───── Input ─────

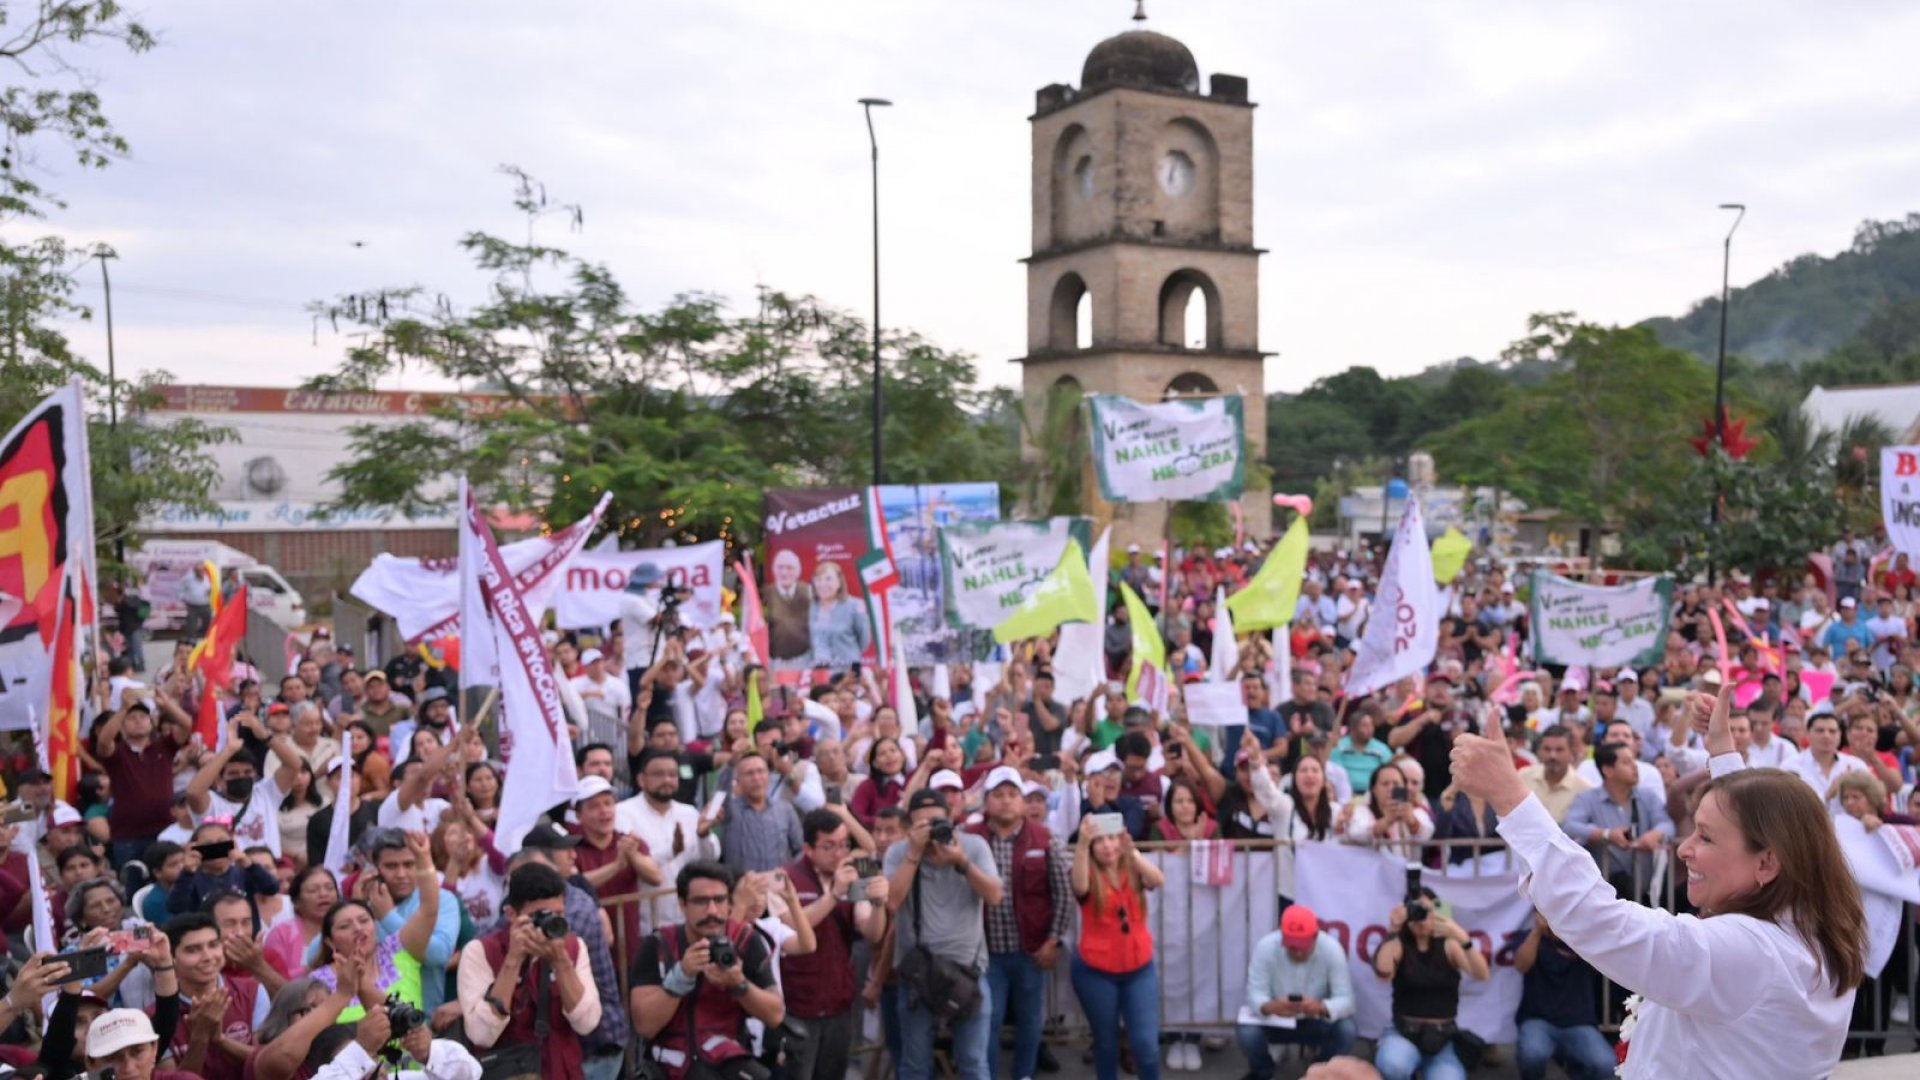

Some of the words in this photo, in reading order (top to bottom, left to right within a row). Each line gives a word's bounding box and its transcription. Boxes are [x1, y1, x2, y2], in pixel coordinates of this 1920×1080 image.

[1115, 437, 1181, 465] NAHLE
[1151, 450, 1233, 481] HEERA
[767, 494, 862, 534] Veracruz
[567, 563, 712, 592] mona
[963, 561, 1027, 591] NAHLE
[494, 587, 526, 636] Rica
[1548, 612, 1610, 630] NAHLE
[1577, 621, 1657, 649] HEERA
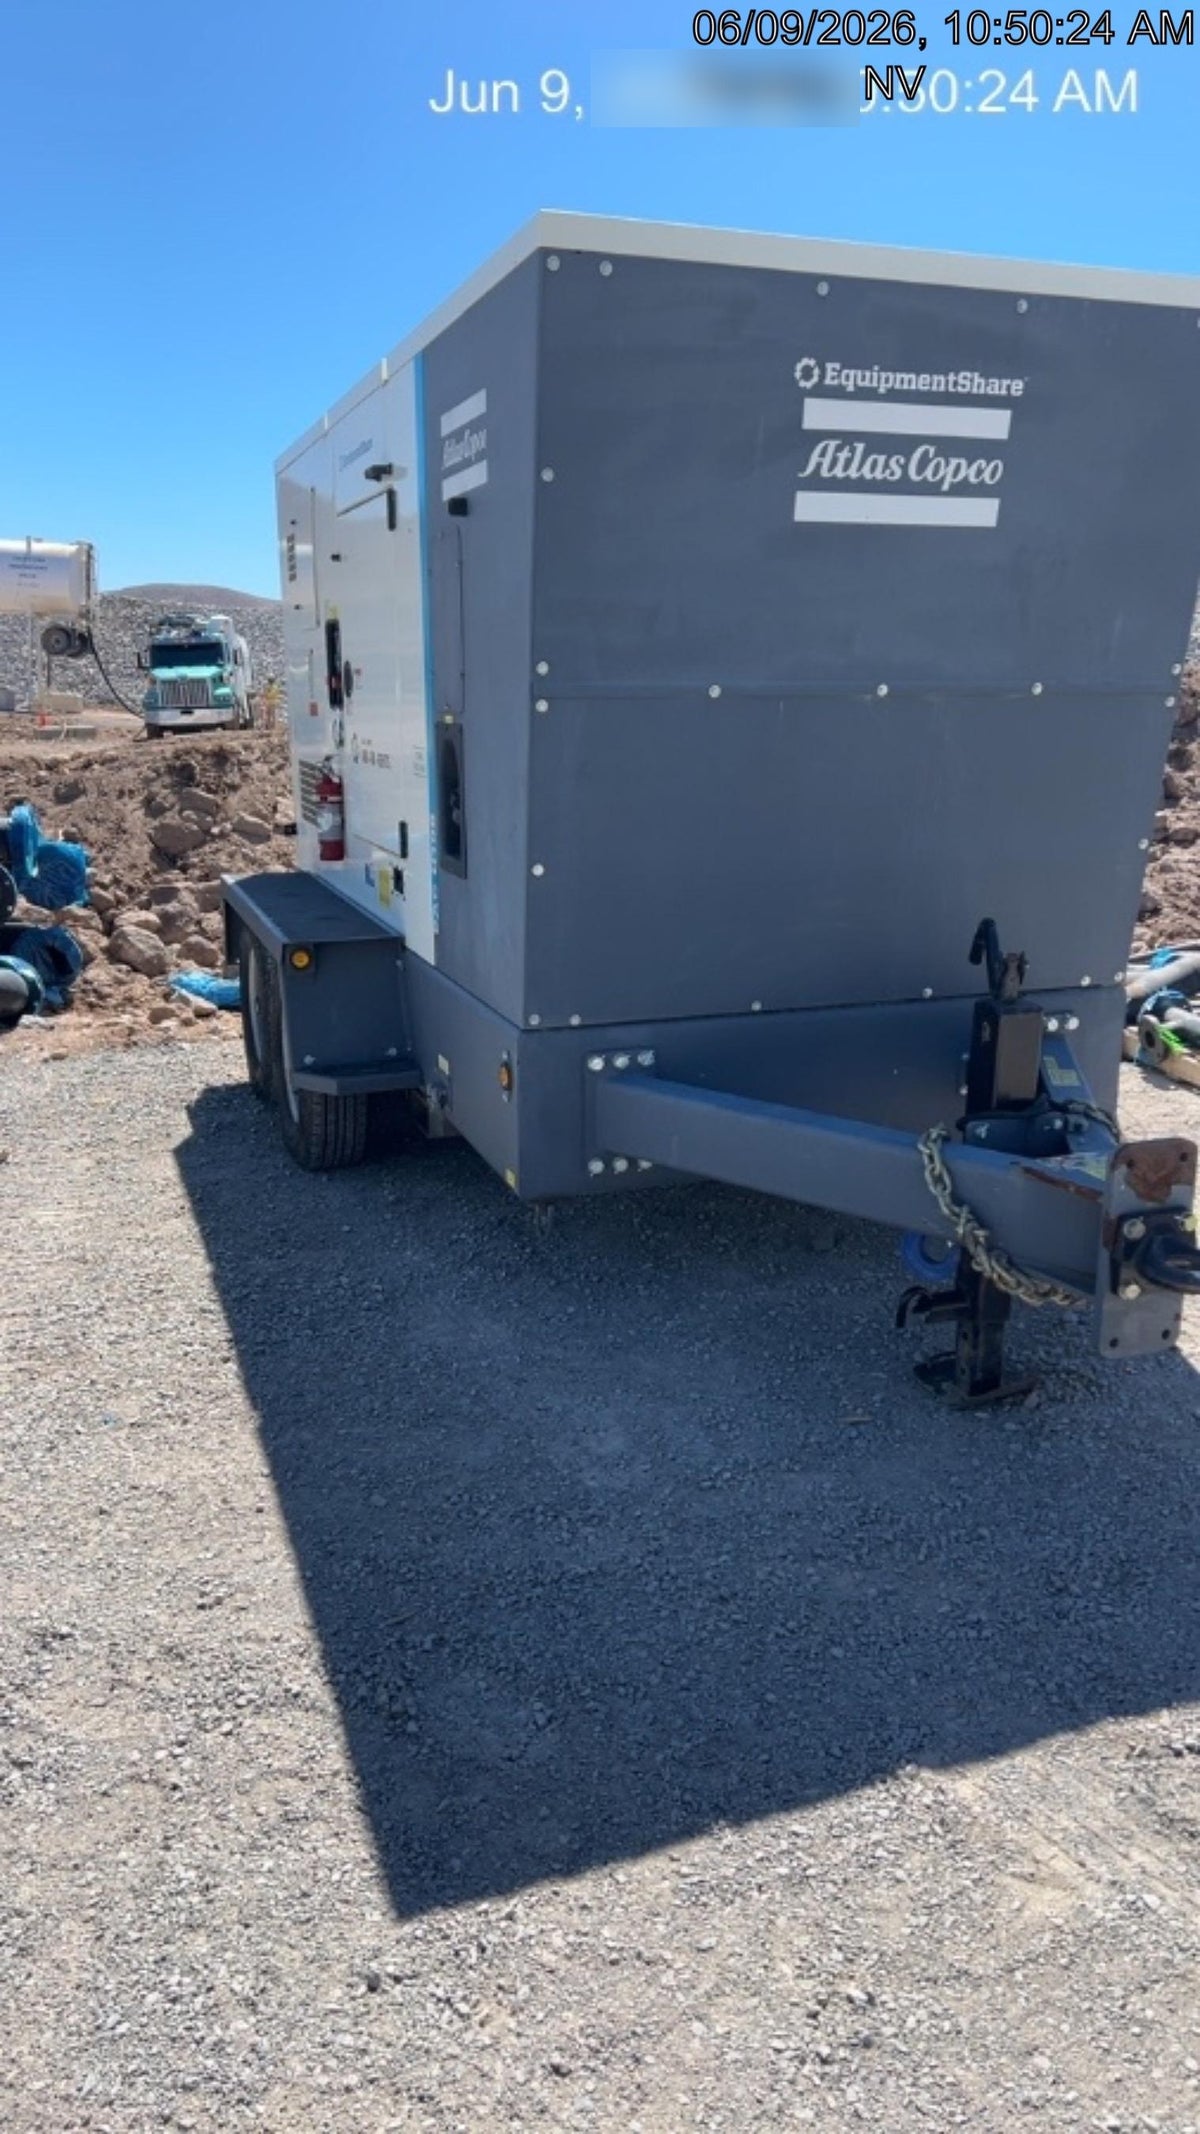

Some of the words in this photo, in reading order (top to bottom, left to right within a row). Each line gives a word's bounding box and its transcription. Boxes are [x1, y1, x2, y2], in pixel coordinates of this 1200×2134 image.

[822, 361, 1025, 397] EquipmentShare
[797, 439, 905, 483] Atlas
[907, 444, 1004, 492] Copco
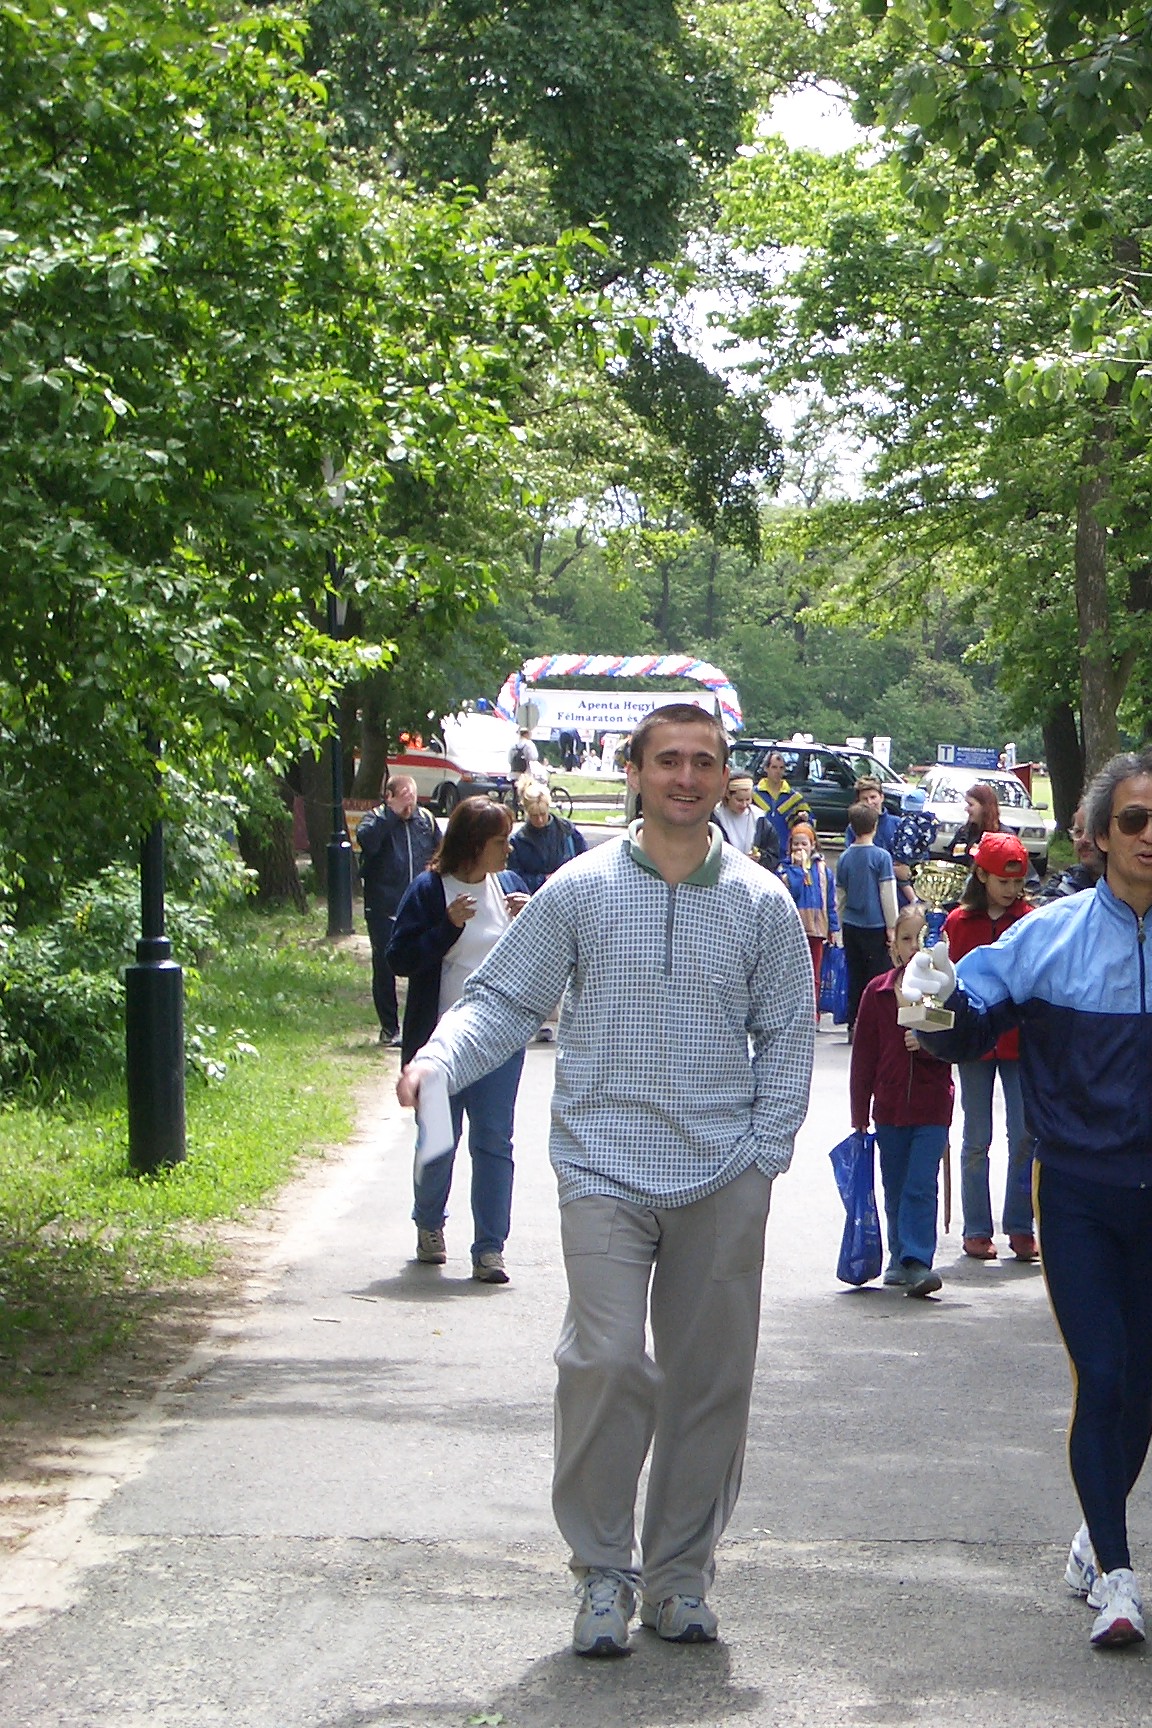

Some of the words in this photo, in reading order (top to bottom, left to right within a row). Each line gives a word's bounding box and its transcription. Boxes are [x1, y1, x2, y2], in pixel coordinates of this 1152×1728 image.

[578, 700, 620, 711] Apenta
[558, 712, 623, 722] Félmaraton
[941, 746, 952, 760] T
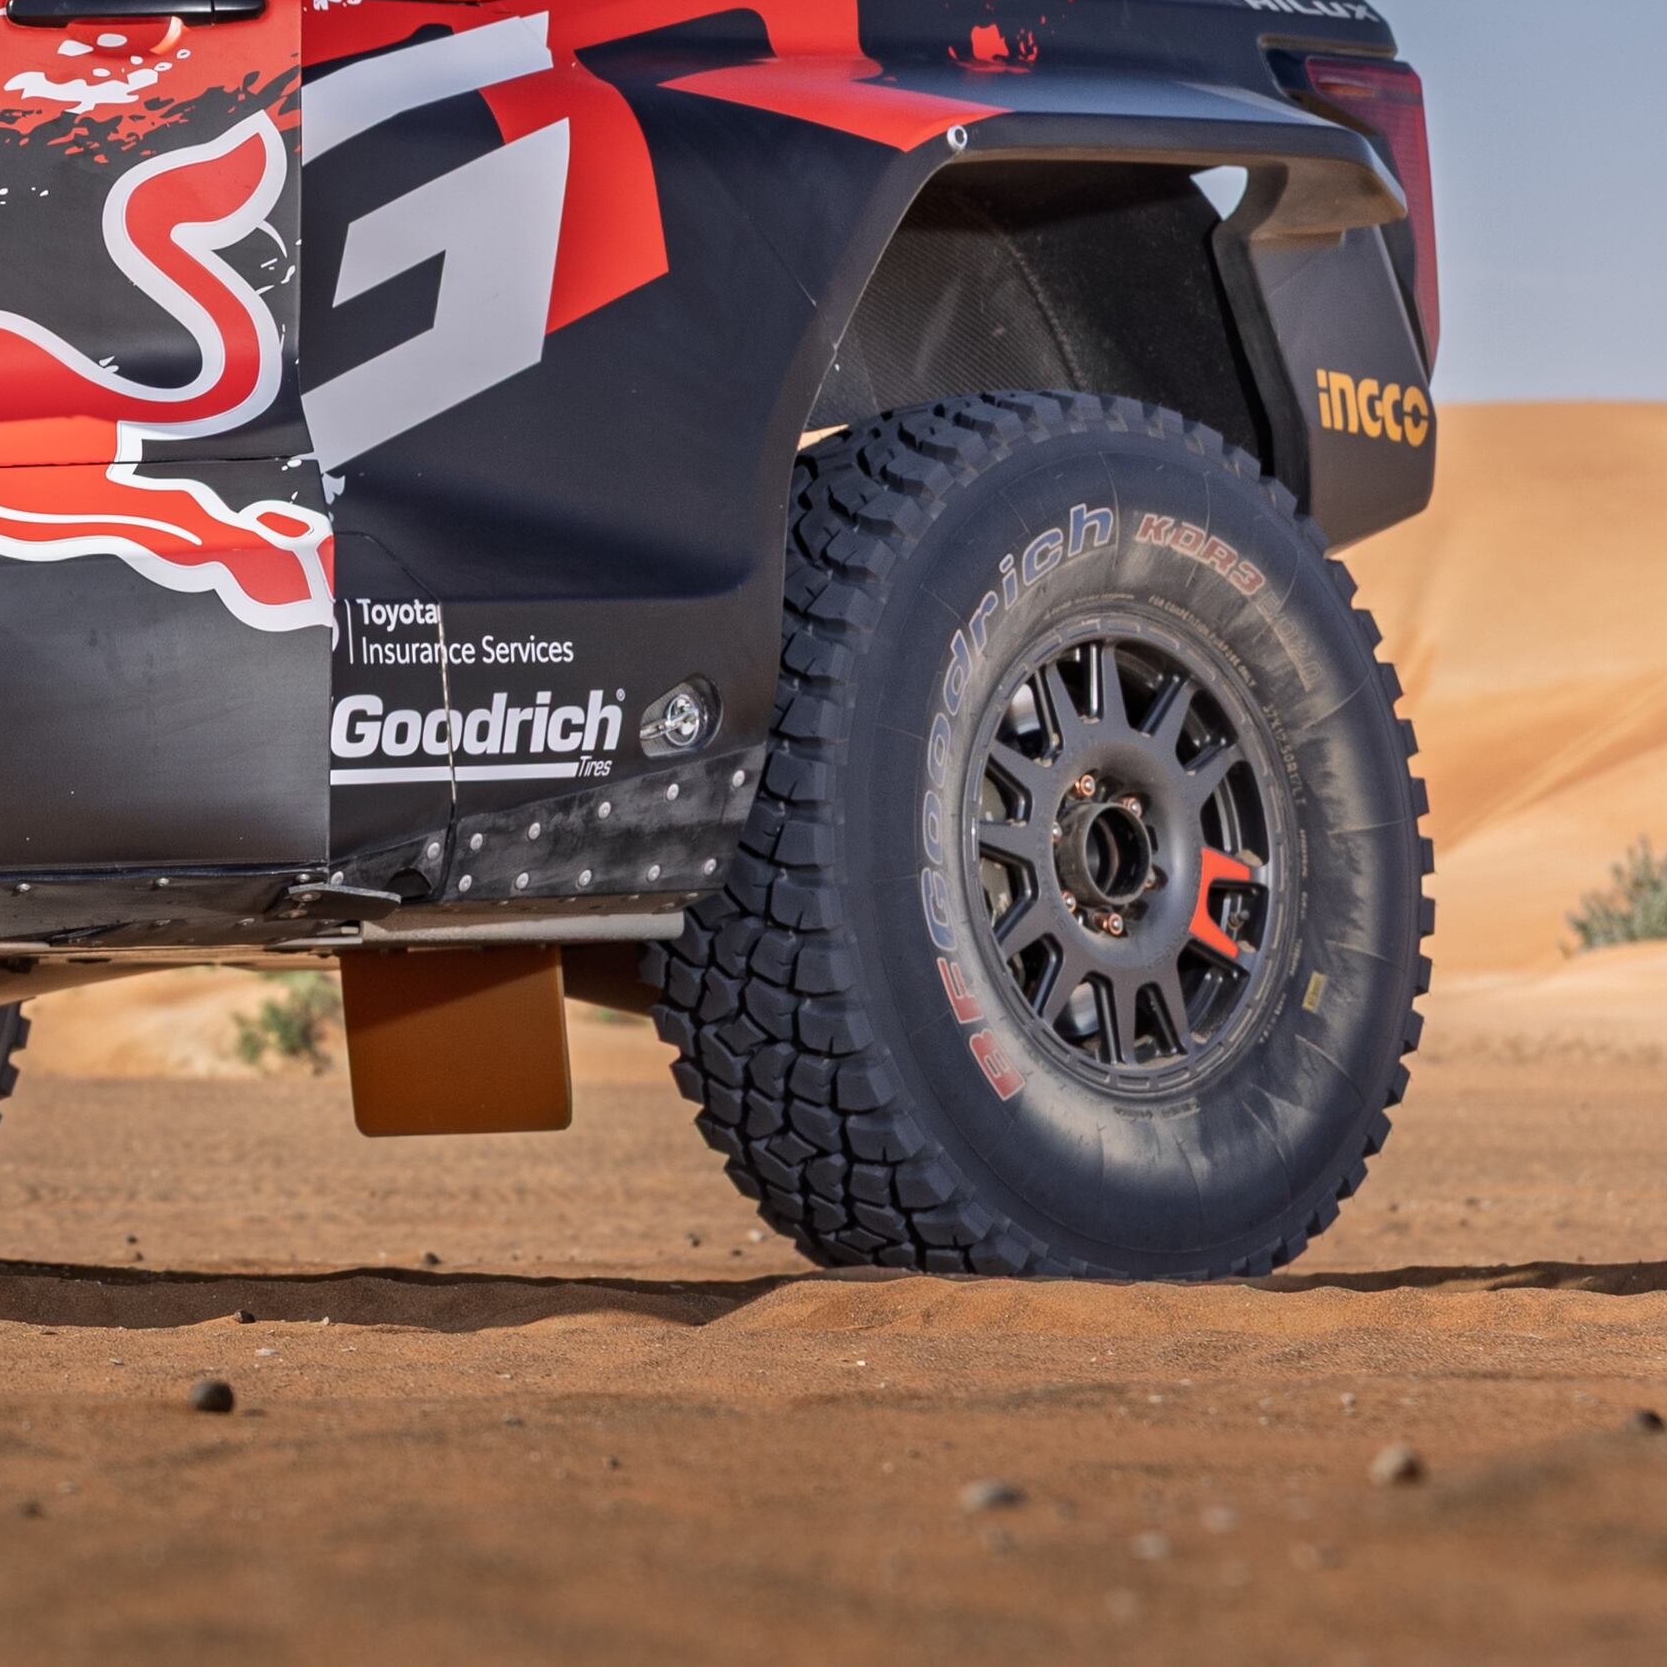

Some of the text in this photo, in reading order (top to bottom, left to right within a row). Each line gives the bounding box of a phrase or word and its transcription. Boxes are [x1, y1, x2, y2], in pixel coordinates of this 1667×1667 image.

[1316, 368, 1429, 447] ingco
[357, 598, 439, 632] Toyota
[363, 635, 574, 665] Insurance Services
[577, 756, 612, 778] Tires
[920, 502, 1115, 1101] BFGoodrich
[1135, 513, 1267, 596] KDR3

─────

> Required work
Beginning with the line that holds "Some of the text", please return every line through the end of the data, exactly as written.

> Exercise response
Some of the text in this photo, in reading order (top to bottom, left to right within a row). Each line gives the bounding box of a phrase or word and its transcription. Boxes are [x1, y1, x2, y2], in pixel coordinates of this 1667×1667 image.

[1316, 368, 1429, 447] ingco
[357, 598, 439, 632] Toyota
[363, 635, 574, 665] Insurance Services
[577, 756, 612, 778] Tires
[920, 502, 1115, 1101] BFGoodrich
[1135, 513, 1267, 596] KDR3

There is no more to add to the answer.